[Text-to-region grounding data]
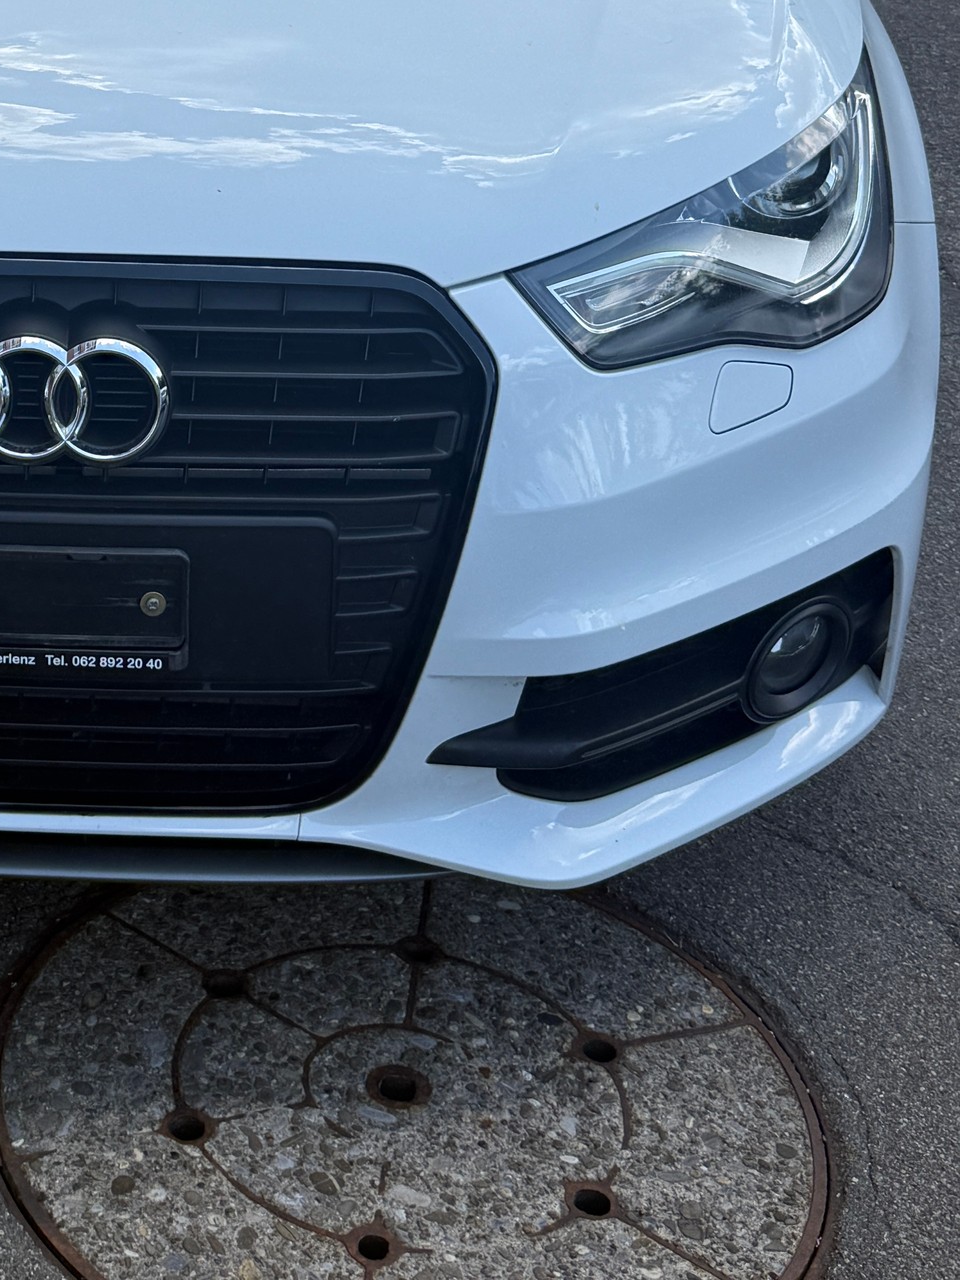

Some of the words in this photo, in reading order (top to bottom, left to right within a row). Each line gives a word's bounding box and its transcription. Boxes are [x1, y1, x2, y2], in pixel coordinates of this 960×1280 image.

[45, 654, 69, 666] Tel.
[71, 655, 96, 667] 062
[99, 656, 124, 668] 892
[127, 658, 143, 669] 20
[145, 658, 163, 670] 40
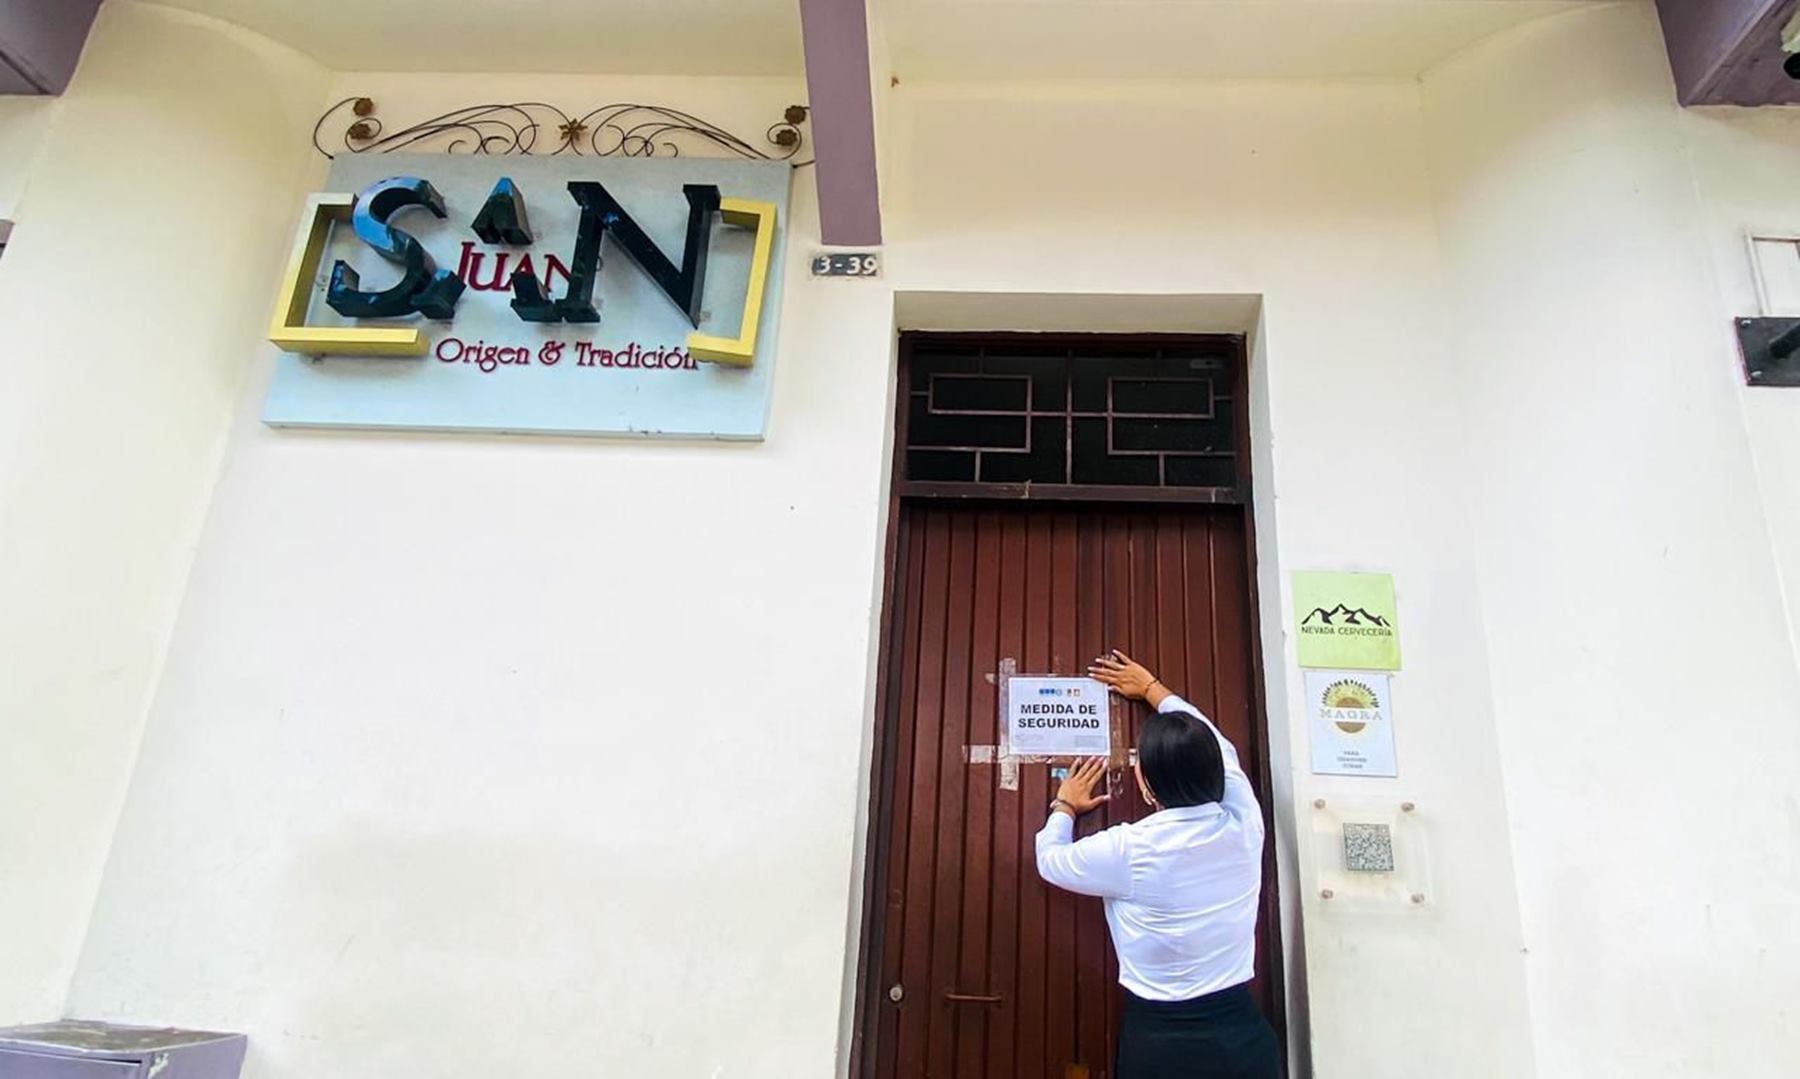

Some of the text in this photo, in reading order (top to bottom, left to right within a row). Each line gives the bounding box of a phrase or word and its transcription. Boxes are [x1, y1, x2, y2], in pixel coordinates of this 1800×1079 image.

#### ABOUT THIS TASK:
Without altering anything, output all the lines above but none of the images.

#### OUTPUT OF THE TASK:
Some of the words in this photo, in reading order (top to bottom, left to right within a row). Each line gives a word's bounding box and its transcription. Boxes are [x1, y1, x2, y2], in pixel coordinates of this 960×1280 image.

[45, 654, 69, 666] Tel.
[71, 655, 96, 667] 062
[99, 656, 124, 668] 892
[127, 658, 143, 669] 20
[145, 658, 163, 670] 40

Some of the text in this photo, in reading order (top to bottom, left to right within a row). Each line gives the bounding box of a phrase or word and its transcription. Boxes are [x1, y1, x2, y2], in pixel coordinates of this 1800×1079 image.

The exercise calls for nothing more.